TASK DIRECTIONS ▸
Below is a block of entries; repeat all of it exactly but omit the pictures.

[Excerpts from a dataset]
══════════════════════════════

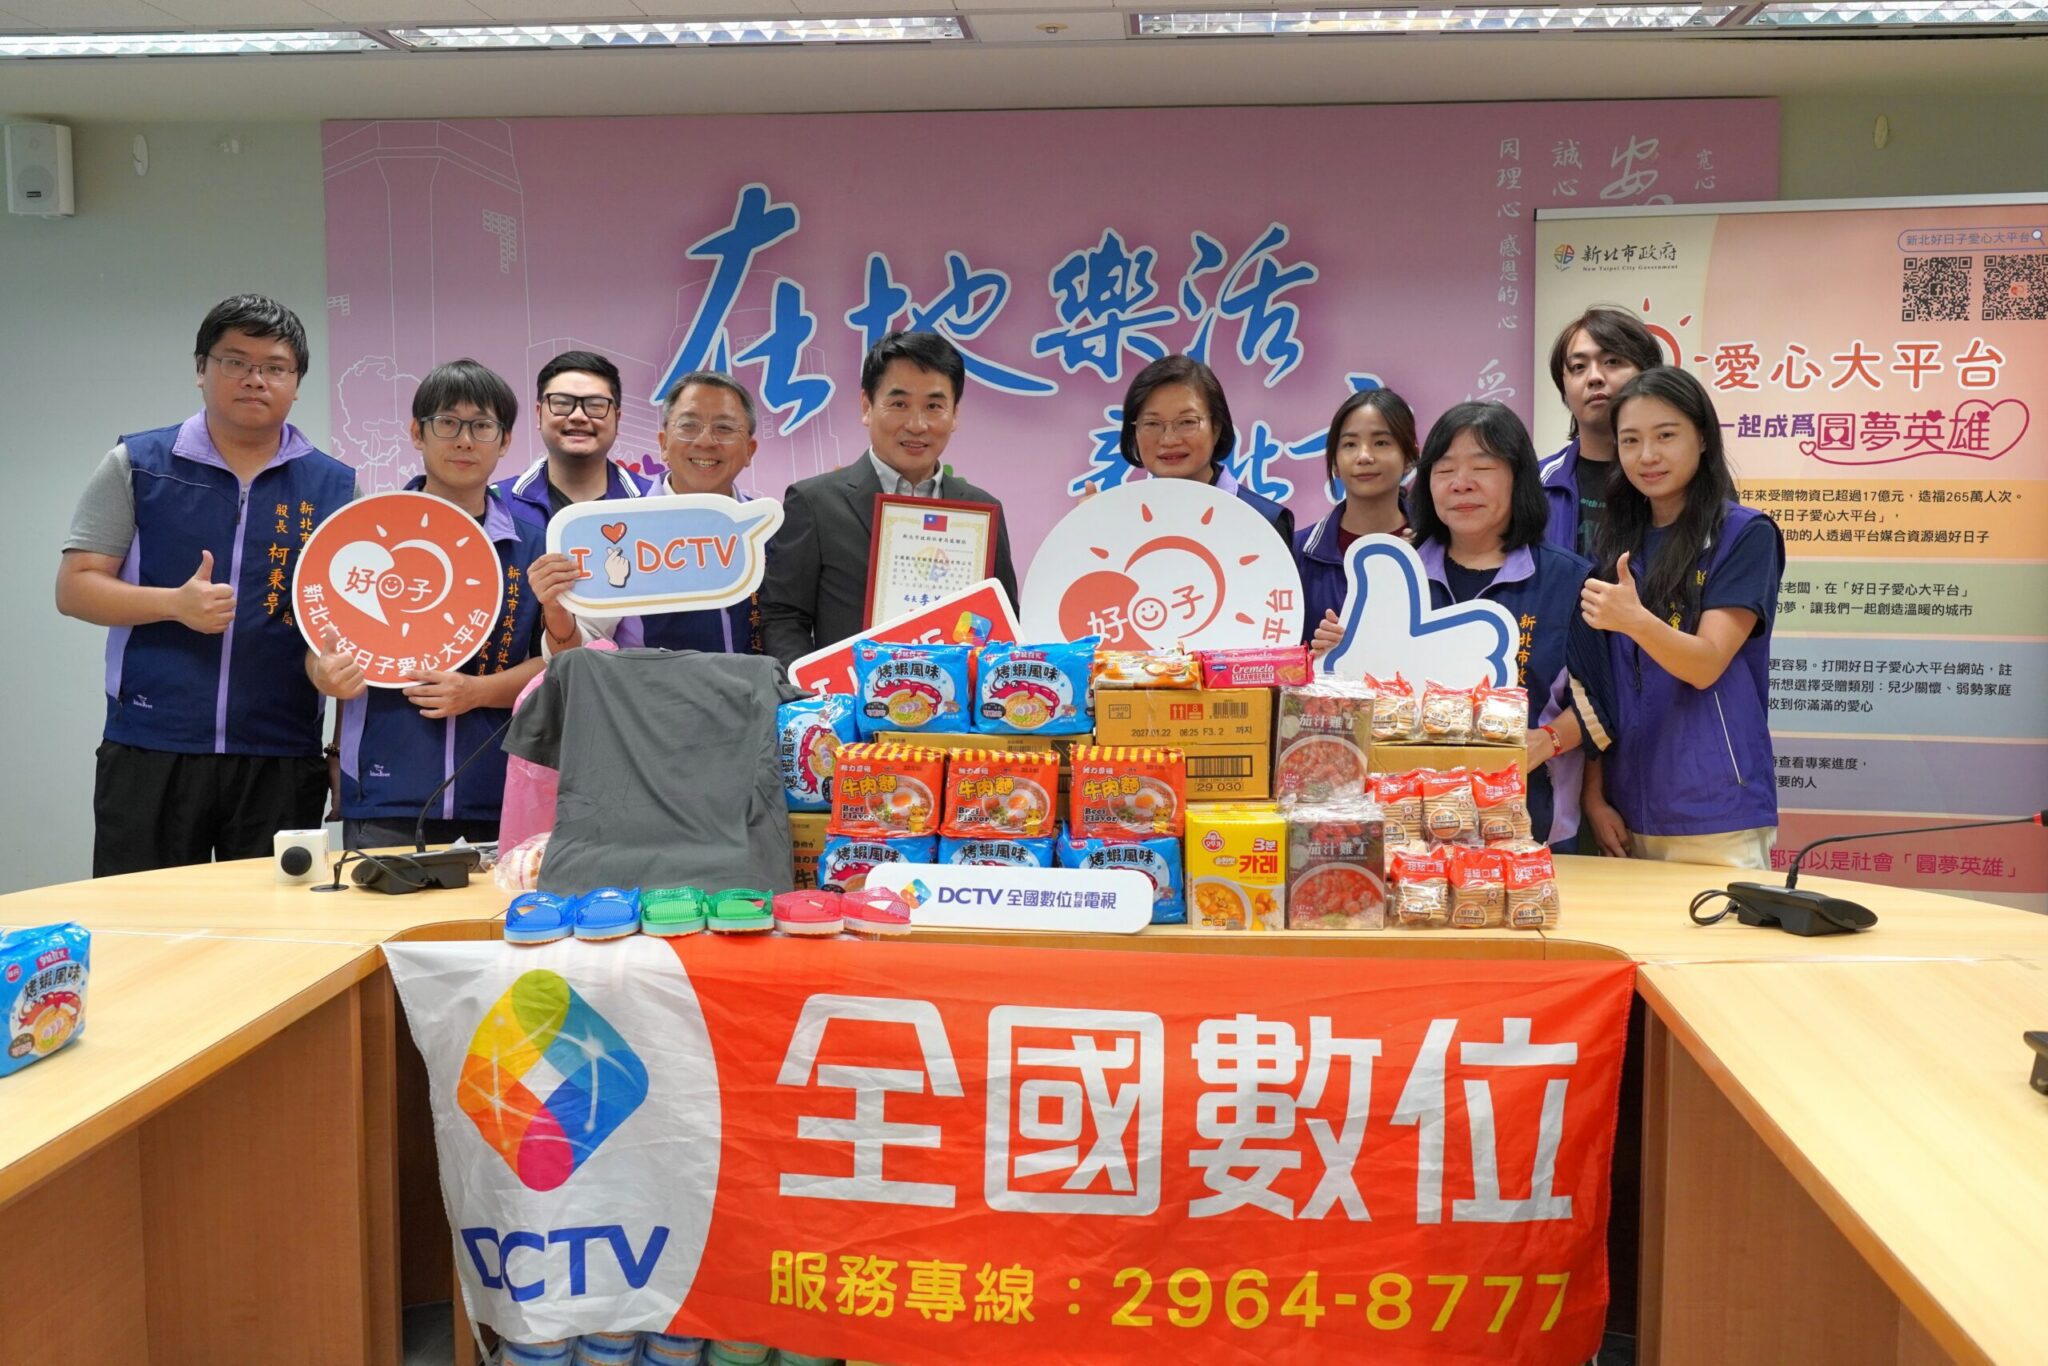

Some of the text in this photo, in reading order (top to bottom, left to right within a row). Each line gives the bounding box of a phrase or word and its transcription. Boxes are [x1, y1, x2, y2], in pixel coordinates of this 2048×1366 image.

[1552, 140, 1582, 196] 誠心
[1694, 149, 1717, 191] 寬心
[1906, 232, 2030, 246] 新北好日子愛心大平台
[1581, 242, 1677, 264] 新北市政府
[652, 183, 1318, 434] 在地樂活
[1714, 338, 2005, 391] 愛心大平台
[1780, 529, 1989, 543] 助的人透過平台媒合資源過好日子
[263, 504, 290, 615] 股長 柯秉亨
[570, 535, 738, 578] I DCTV
[878, 662, 941, 681] 烤蝦風味
[995, 663, 1059, 681] 烤蝦風味
[1769, 698, 1873, 713] 收到你滿滿的愛心
[1131, 729, 1171, 738] 2027.01.22
[1196, 783, 1242, 793] 29 030
[1775, 775, 1817, 789] 要的人
[836, 844, 900, 863] 烤蝦風味
[961, 843, 1027, 861] 烤蝦風味
[1090, 848, 1154, 869] 烤蝦風味
[1239, 855, 1278, 874] 카레
[938, 887, 1003, 904] DCTV
[24, 963, 81, 1001] 烤蝦風味
[777, 993, 1578, 1224] 全國數位
[461, 1226, 670, 1301] DCTV
[1111, 1268, 1571, 1334] 2964-8777

══════════════════════════════

ANSWER FOR THIS EXERCISE ▸
Some of the text in this photo, in reading order (top to bottom, left to right within a row). Each line gives the bounding box of a phrase or word and its transcription. Boxes are [x1, y1, x2, y2], in pixel coordinates of this 2048×1366 image.

[1552, 140, 1582, 196] 誠心
[1694, 149, 1717, 191] 寬心
[1906, 232, 2030, 246] 新北好日子愛心大平台
[1581, 242, 1677, 264] 新北市政府
[652, 183, 1318, 434] 在地樂活
[1714, 338, 2005, 391] 愛心大平台
[1780, 529, 1989, 543] 助的人透過平台媒合資源過好日子
[263, 504, 290, 615] 股長 柯秉亨
[570, 535, 738, 578] I DCTV
[878, 662, 941, 681] 烤蝦風味
[995, 663, 1059, 681] 烤蝦風味
[1769, 698, 1873, 713] 收到你滿滿的愛心
[1131, 729, 1171, 738] 2027.01.22
[1196, 783, 1242, 793] 29 030
[1775, 775, 1817, 789] 要的人
[836, 844, 900, 863] 烤蝦風味
[961, 843, 1027, 861] 烤蝦風味
[1090, 848, 1154, 869] 烤蝦風味
[1239, 855, 1278, 874] 카레
[938, 887, 1003, 904] DCTV
[24, 963, 81, 1001] 烤蝦風味
[777, 993, 1578, 1224] 全國數位
[461, 1226, 670, 1301] DCTV
[1111, 1268, 1571, 1334] 2964-8777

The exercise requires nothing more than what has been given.